Why does the kid repeatedly mention trouble sleeping, to the extent that he's often found on Mullen's doorstep before dawn, waiting for his friend's household to take him in? Three garrulous Russian men share a rented house nearby. It becomes a home away from home for the kid and Mullen. As the kid arrives one night, the Russians' ancient furnace blows up. The scene of smoke and stench and panic twigs us to the perils of absent caretakers.

A tunnel is discovered in a neighbour's basement. The kid leads us into the dark place - where he continues to wrap his secrets in self-preserving metaphors. The boy's heart is shut tight. Was there ever a way to avoid this?

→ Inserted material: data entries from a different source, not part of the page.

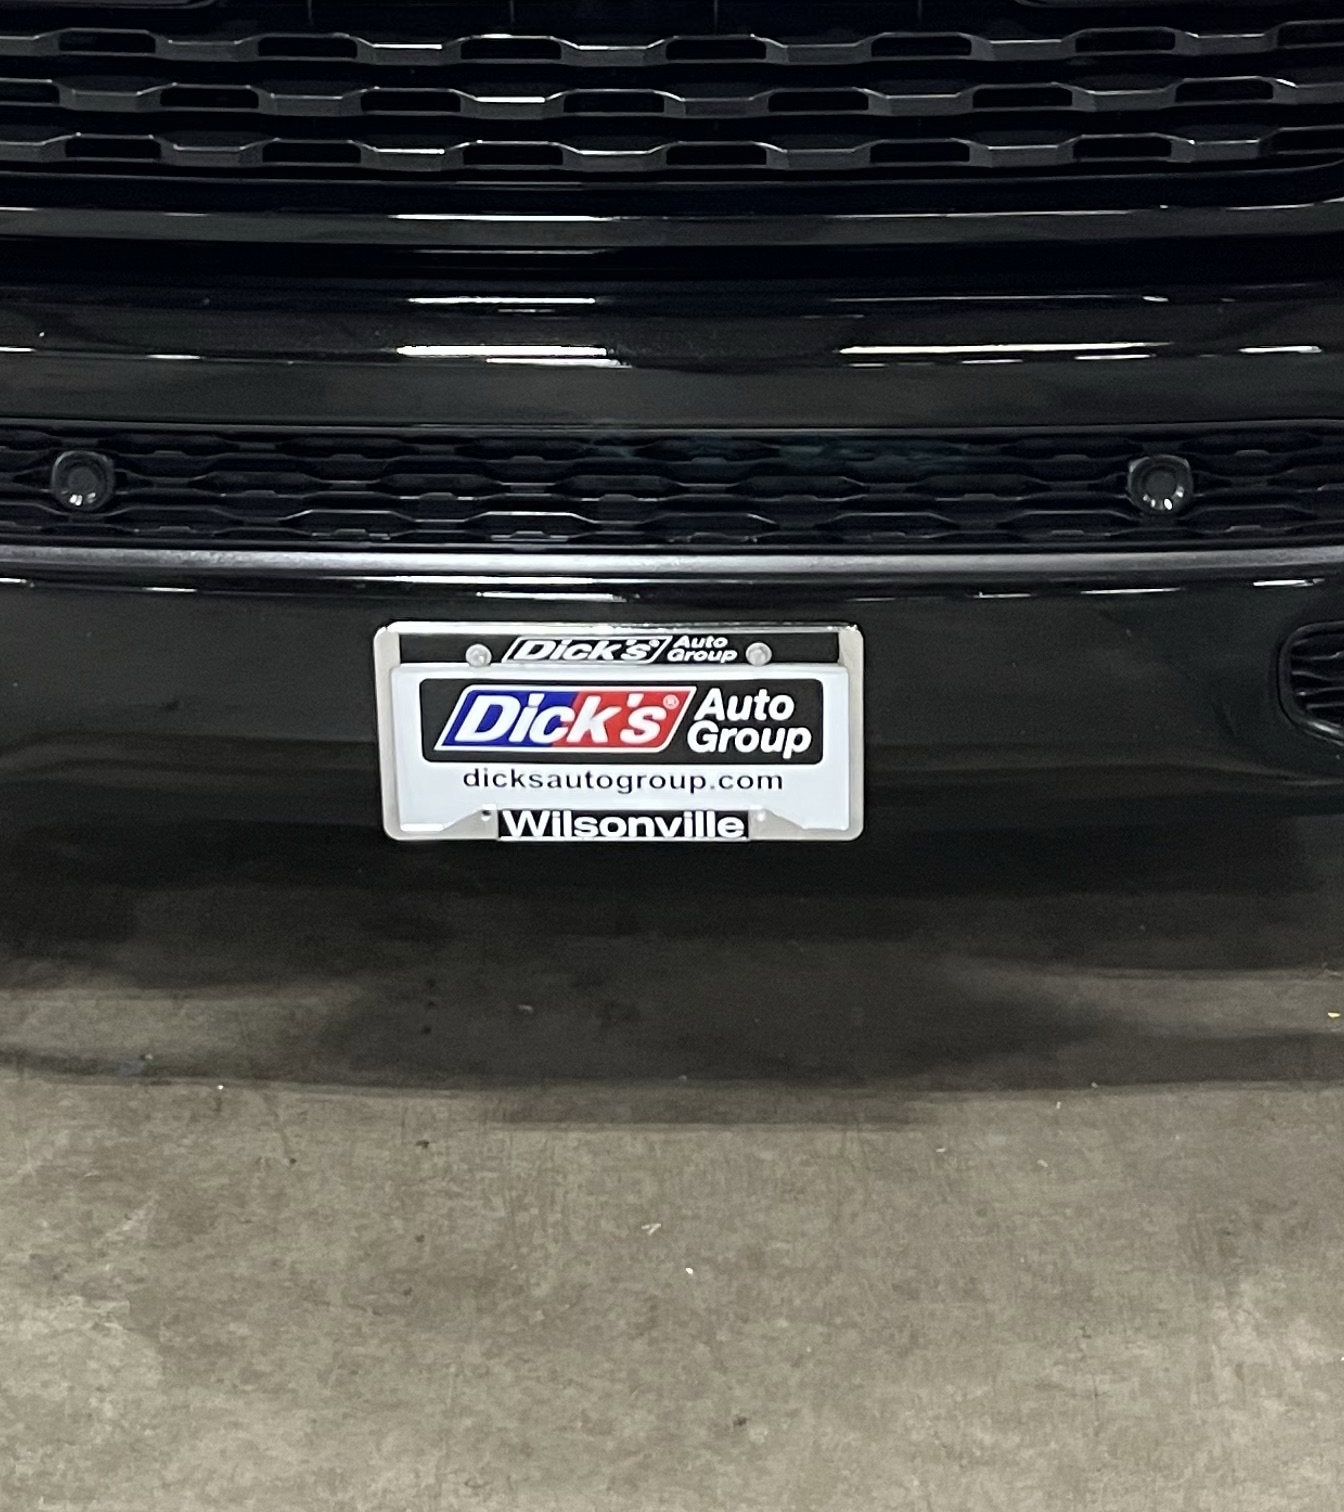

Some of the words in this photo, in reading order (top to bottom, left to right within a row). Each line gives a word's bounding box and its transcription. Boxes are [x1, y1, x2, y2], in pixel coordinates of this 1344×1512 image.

[666, 648, 738, 664] Group
[673, 635, 729, 649] Auto
[694, 687, 795, 721] Auto
[687, 718, 813, 760] Group
[463, 768, 784, 795] dicksautogroup.com
[501, 810, 746, 839] Wilsonville
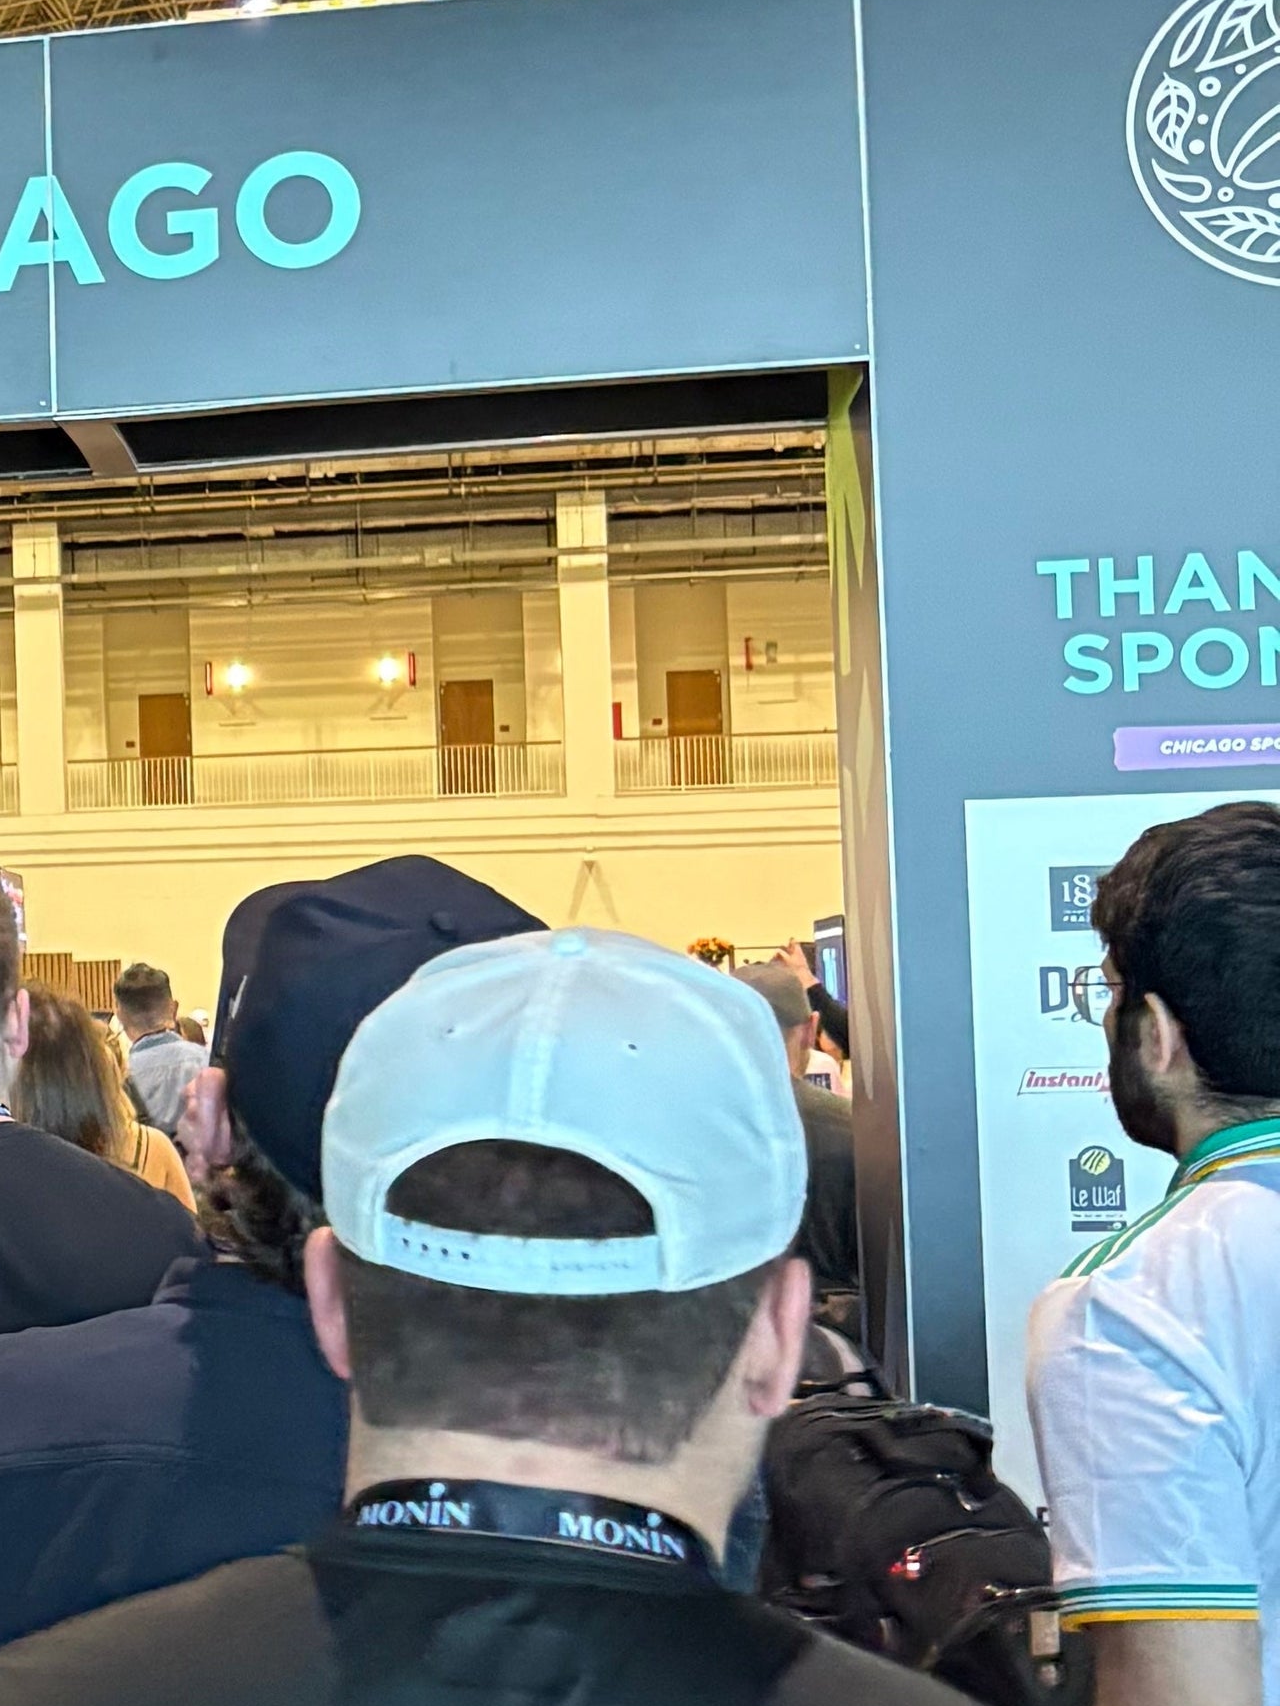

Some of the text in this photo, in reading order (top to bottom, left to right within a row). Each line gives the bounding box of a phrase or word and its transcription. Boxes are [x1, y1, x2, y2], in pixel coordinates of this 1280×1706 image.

[1160, 738, 1246, 755] CHICAGO
[1062, 874, 1097, 908] 188
[356, 1481, 471, 1528] MONIN
[558, 1511, 686, 1560] MONIN

Wedderburn's uncompromising story ends as it must. His theme is avoidance, and he will not let us or himself escape it. He refuses to let us in. You finish the book knowing that harm has been done. You recall news reports of things that kids suffered for years in their own homes, while everyone ignored the clues. The kid does take action in the end. He asks Mullen to help him construct the appalling milk chicken bomb and plant it behind the furnace. "Sure," says Mullen, "I always wanted to see your house." Do we want to see? Yes and no. We want to know the truth. We also want fiction's redemption.

Wedderburn doesn't give it, and that's the big risk and great strength of this novel. His kid is that kid you saw once, down the street, who had the eyes of something hunted. Maybe you thought for a moment that something wasn't right. Then you carried on with your day.